If you want to find the remaining battery percentage all you have to do is look at your table (21:39). At 1V cut of you have used 95.51289816% of your capacity.
Nice video, good to see some facts for once in this discussion. I loved the way they used the Apple keyboard power graph as an example. It's tricked into showing 100% as it's presumably based on voltage and is obviously not a valid measure if using a DC-DC converter. So the power gauge will always show 100% then drop sharply to 0% when the DC DC drops out. The keyboard with batteries alone will slowly drop towards 0% as the voltage (under load) decreases. Whether that is before or after the one with DC-DC probably depends on load I guess, the efficiency loss through the DC-DC, vs the small gain under the cutoff. Be interesting to see if a 90% DC-DC converter would be more efficient at any load, at what load would it break even, and where it would be a lot worse to have the DC-DC. Of course, they should have done that and presented those results, but I can't seem to locate them........
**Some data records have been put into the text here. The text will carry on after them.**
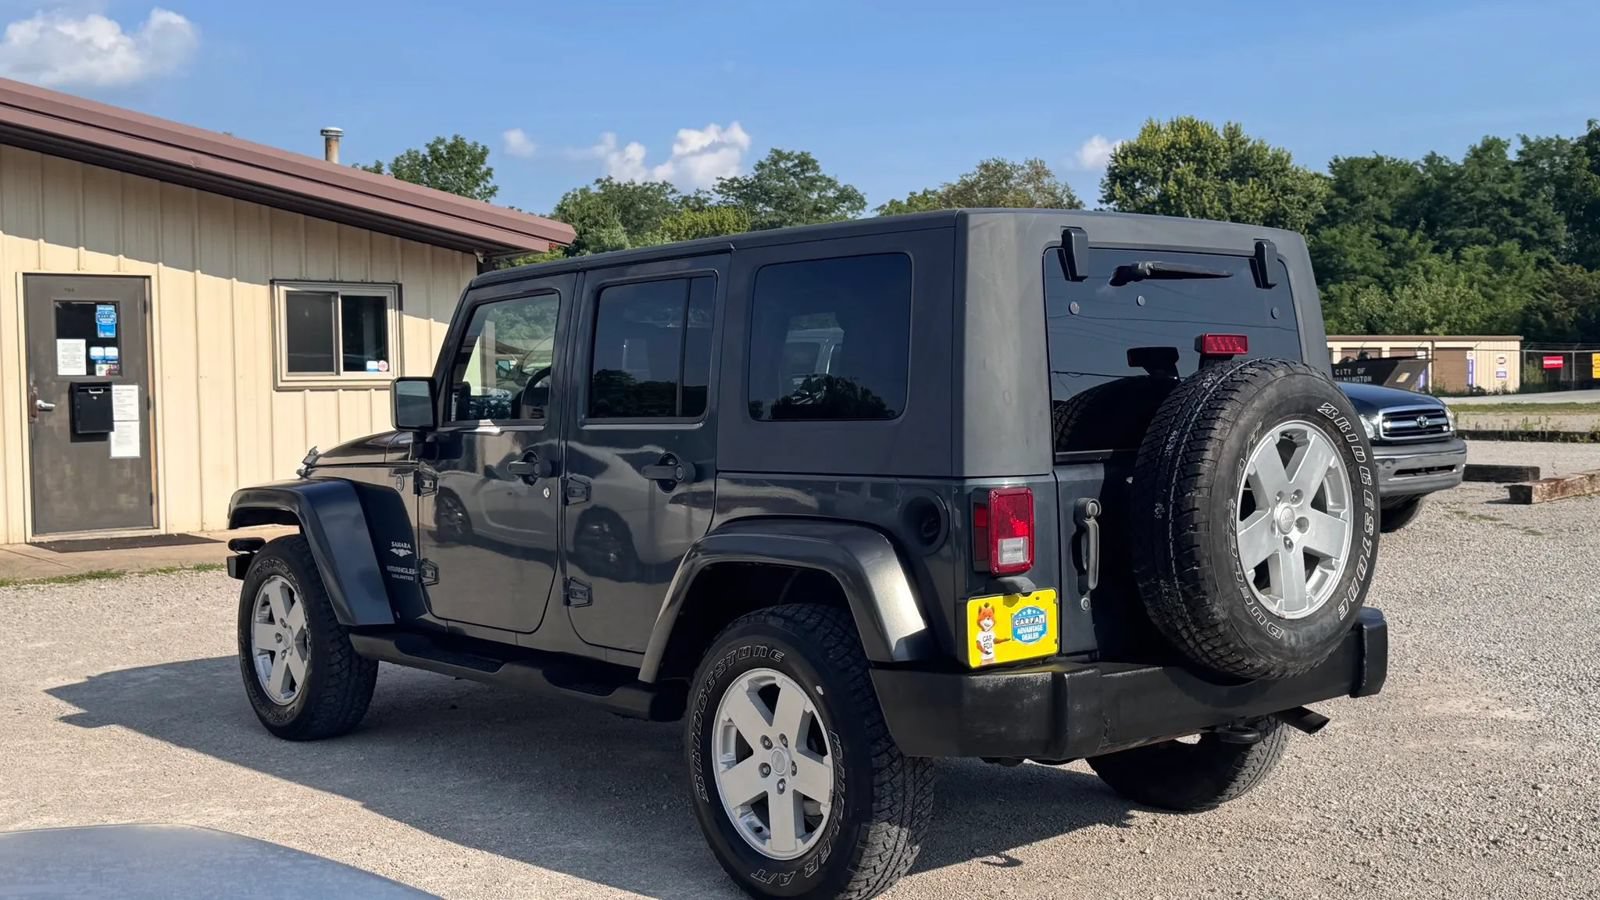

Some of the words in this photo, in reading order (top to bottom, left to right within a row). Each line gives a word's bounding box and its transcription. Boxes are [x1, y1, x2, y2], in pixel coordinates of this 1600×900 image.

[1334, 368, 1351, 376] CITY
[1357, 367, 1366, 375] OF
[391, 540, 411, 549] SAHARA
[1316, 402, 1374, 621] BRIDGESTONE
[691, 645, 785, 803] BRIDGESTONE
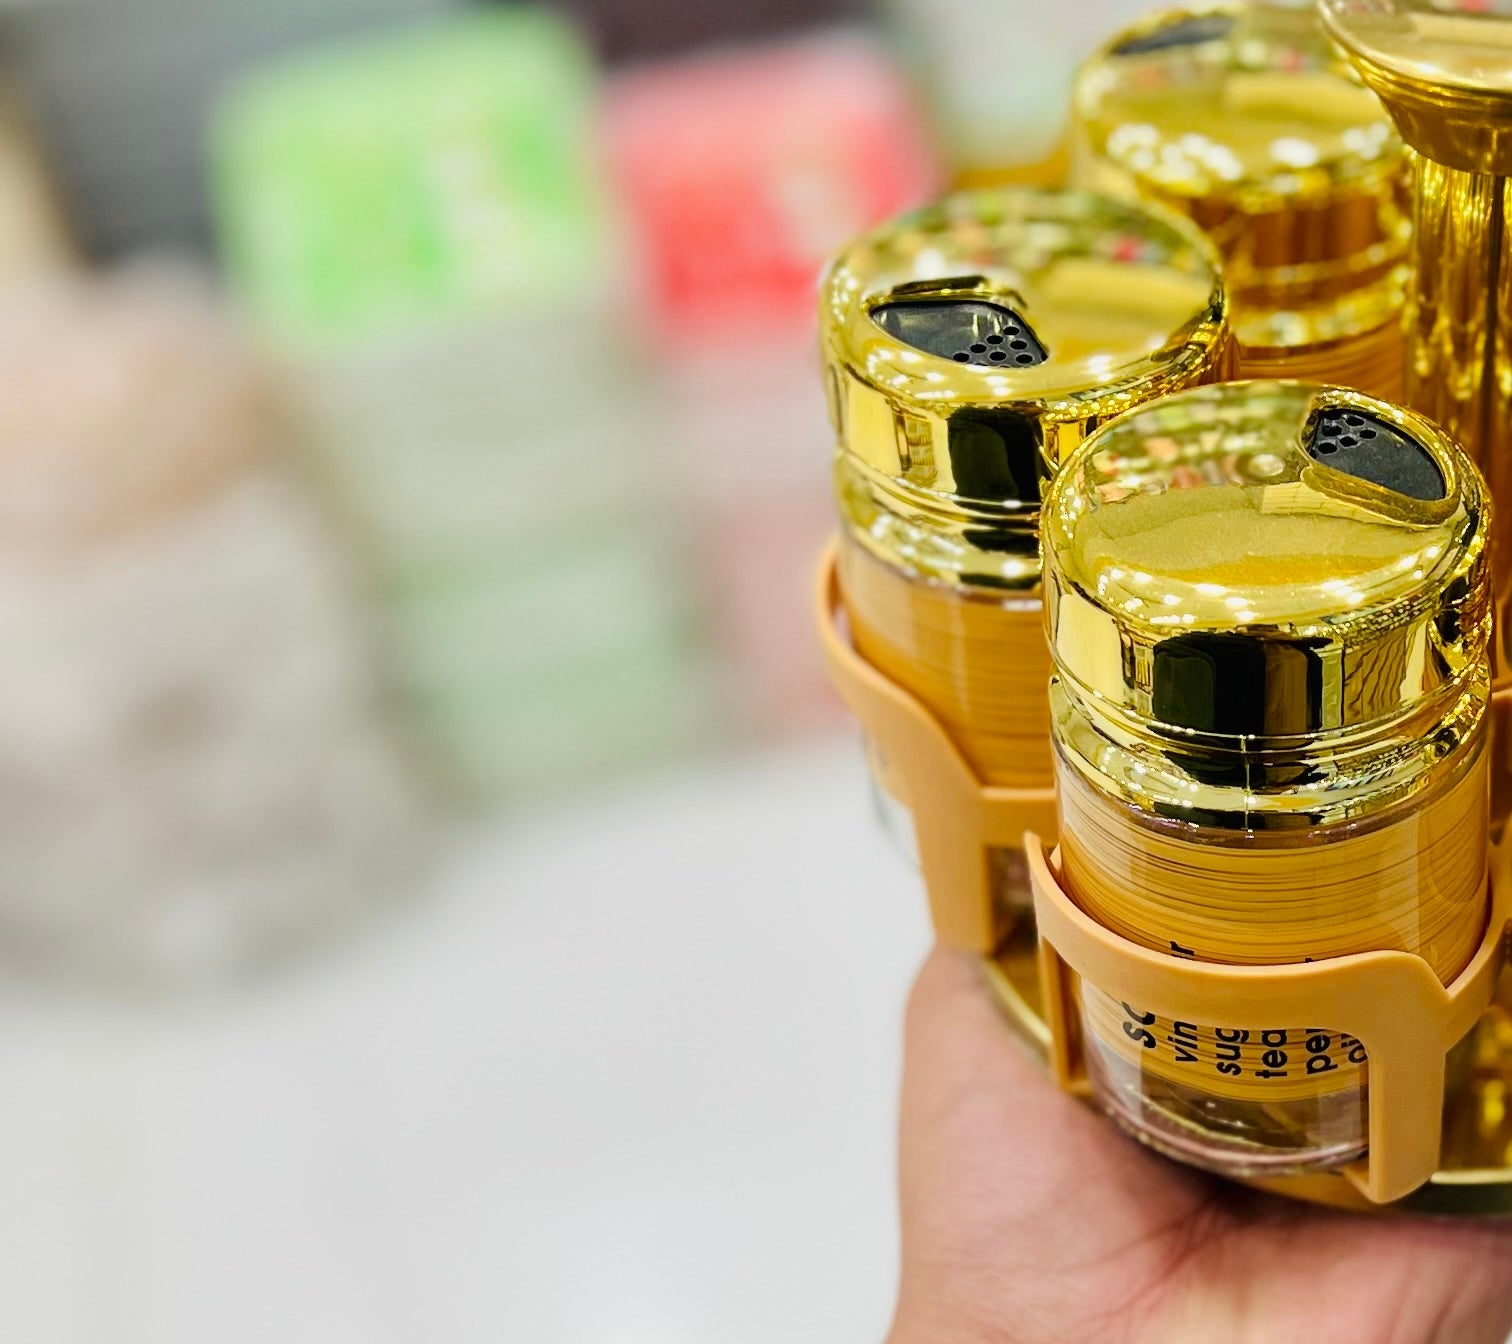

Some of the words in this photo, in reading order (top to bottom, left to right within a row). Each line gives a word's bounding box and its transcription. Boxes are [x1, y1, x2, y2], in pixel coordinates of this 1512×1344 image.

***** Yep, the battery life gauge is calibrated for an undoctored battery. Of course it'll show a falsely-high battery remaining capacity when you trick it with a DC-DC converter, as it hides the variation in voltage that's necessary to be able to measure battery capacity. A DC-DC converter in line is like having a bank that always says you have thousands in your account, but then suddenly goes to zero when you make the final $10 withdrawal.
gblargg Exactly, maybe they could remarket it as a device with introduces some exciting jeopardy into you life, you'll never quite known when your keyboard is going to die.
Dave, thanks man. I was blind but now I can see. Thanks a million.
Now redo this video with a ~ 80-90% efficient DC-DC converter on it to simulate the batteriser.
Dc-dc converters vary in efficiency a lot with respect to load and duty ratio - you'd have to define type of dc-dc and when it should kick in to be able to retrieve some information from the experiment.
Instead of doing the graph stuff, one could just look at the table at the cutout-voltage and get the wasted capacity in the most right column in an instand.
but hey, it looks nice and even a manager can understand this visual approach :P
hassiaschbi Correct. And it's nicer to publish a graph than a table of numbers.
I wish they showed the short-circuit current on datasheets. Knowing that, you would be able to infer the worst case cut off for a device with a boost converter. At some point, the current would not be sufficient to charge the inductor no matter how wide the PWM control signal.
There is an error in the spreadsheet work. The first energy consumption number is 0, which is an apriori figure. But the second entry shows you taking previous energy consumed (t=previous) + V (t=current) * I (t=current) when in fact it should be energy consumed (t=previous) + voltage (t=previous) * current (t=previous). This isn't a grievous since energy consumed at t=previous and t=current are nearly equal but it does mean that you should have one additional entry, so you're total will be off by a little more than approximately 1/# of entries.
EEVblog Dave, couldn't you just look at the spreadsheet data to find the remaining capacity? Find the row where you drop below 1 volt and look at the number you generate for remaining battery capacity at that point. That seems simpler, quicker, and more accurate than looking it graphically and estimating where the line intersects the right Y-axis.
Aaron Hurd Yeah there is a function for that called VLOOKUP so you don't even have to do the search yourself.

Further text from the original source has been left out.